El ingenio de Brecht, como las ascuas de un fuego artificial que estalla en el espacio, brota por todos los rincones de este escrito, y su capacidad para ir mucho más allá de lo comúnmente aceptado como correcto entre las filas de los revolucionarios, hacen de esta publicación un inevitable tratado que conecta nuestros presentes rompecabezas políticos, con las generaciones de rebeldes que a mediados del siglo pasado, tuvieron que también descifrar y definirse, frente a la consolidación del fascismo europeo. En el plano literario, la lectura de estos apuntes me mantenía regresando a la realización de que es un poeta el que escribe, alegrándome en la oportunidad de poder leer a uno de esos maravillosos e infrecuentes seres, capaces de mover con palabras, no importando el género que usen.
Al final de cuentas, se hace patente la edad de un texto tiene más de 85 años de escrito, cuando el llamado que con tanto vigor hace Brecht de decir la verdad con valentía, especialmente a aquellos que sufren del status quo, choca de frente con la capacidad de hacer verdad de la mentira que nuestro siglo ha desarrollado. Desenmascarar a los poderosos con verdades tan valientemente escritas que sirvan a los oprimidos para entender la presente situación, se ha convertido en un ejercicio de limitada efectividad, frente a inmensos sectores de la población que, a brazo partido, defienden a sus opresores y condenan a todo aquel que quiera cultivar alguna manera diferente de ver las cosas, como el verdadero enemigo.
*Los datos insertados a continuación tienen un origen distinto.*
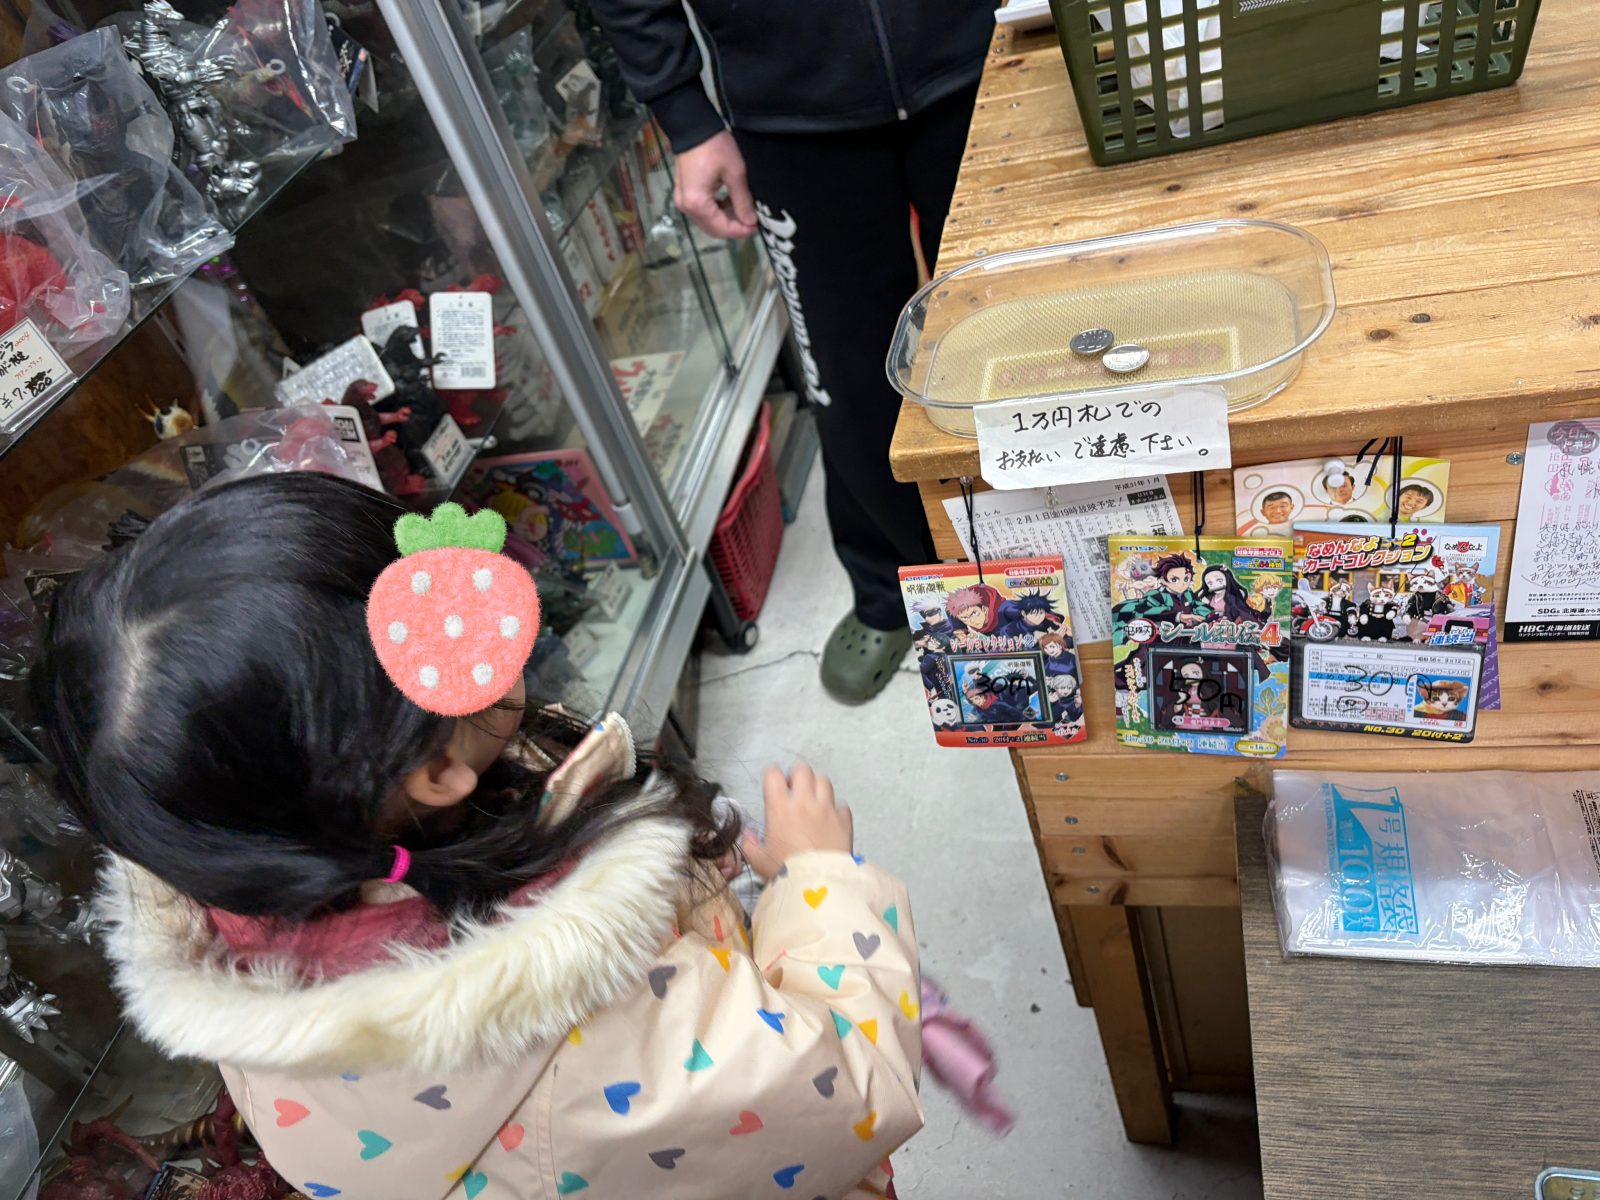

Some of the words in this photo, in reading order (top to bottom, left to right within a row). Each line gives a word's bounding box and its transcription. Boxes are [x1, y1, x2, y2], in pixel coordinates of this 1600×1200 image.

Desde nuestra presente óptica, la reflexión de Brecht es aun valiosa como punto de partida que desnuda algunas prácticas de la oposición como falsamente revolucionarias. Pero en lo que respecta a la esperada reacción de parte de aquellos que con su trabajo sostienen a los oligarcas, permitiendo estos y hasta celebrando la expropiación de sus riquezas, en apoyo a un sistema que piensan es el mejor, el texto requiere una urgente actualización.